Frau Prof. Dr. Dorothea Jansen von der Deutschen Hochschule für Verwaltungswissenschaften Speyer ist die wissenschaftliche Leiterin der Studie. Die von ihrer Forschergruppe gesammelten Informationen werden nach statistisch-zusammenfassenden Verfahren an der DHV-Speyer ausgewertet. Anschließend erfolgt eine Präsentation der Ergebnisse vor dem Bürgermeister und Vertretern der Stadtverwaltung. Hier wird erläutert, wo dem Bürger „der Schuh drückt“ und es werden Anregungen gegeben, wo die Stadtverwaltung ihren Bürgerservice noch verbessern kann.

Über die Ergebnisse wird auch in der örtlichen Presse berichtet.

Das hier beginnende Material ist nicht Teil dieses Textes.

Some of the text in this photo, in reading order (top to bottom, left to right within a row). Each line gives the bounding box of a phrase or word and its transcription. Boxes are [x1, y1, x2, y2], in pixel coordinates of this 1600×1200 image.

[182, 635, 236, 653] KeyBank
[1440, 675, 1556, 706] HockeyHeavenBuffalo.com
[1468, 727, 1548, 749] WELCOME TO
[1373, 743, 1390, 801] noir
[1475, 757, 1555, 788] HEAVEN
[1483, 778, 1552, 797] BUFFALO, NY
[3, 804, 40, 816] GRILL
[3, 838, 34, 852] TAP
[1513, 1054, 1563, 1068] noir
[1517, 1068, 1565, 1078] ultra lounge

Die Untersuchung ist die Fortsetzung einer Studie, die Prof. Jansen und ihr Team im letzten Winter im Bürgerbüro durchgeführt hat. Damals wurden die Mitarbeiter und Mitarbeiterinnen des Bürgerbüros und weitere Vertreter aus Politik und Verwaltung über ihre Meinung zum Bürgerbüro befragt. Im Rahmen des Projekts „Bürgerbüros in kleinen Gemeinden“ wird die Befragung zugleich auch in Graben-Neudorf in Baden-Württemberg und in Dudenhofen in Rheinland-Pfalz durchgeführt. Damit wird es möglich sein, die drei Gemeinden hinsichtlich ihrer Bürgernähe zu vergleichen.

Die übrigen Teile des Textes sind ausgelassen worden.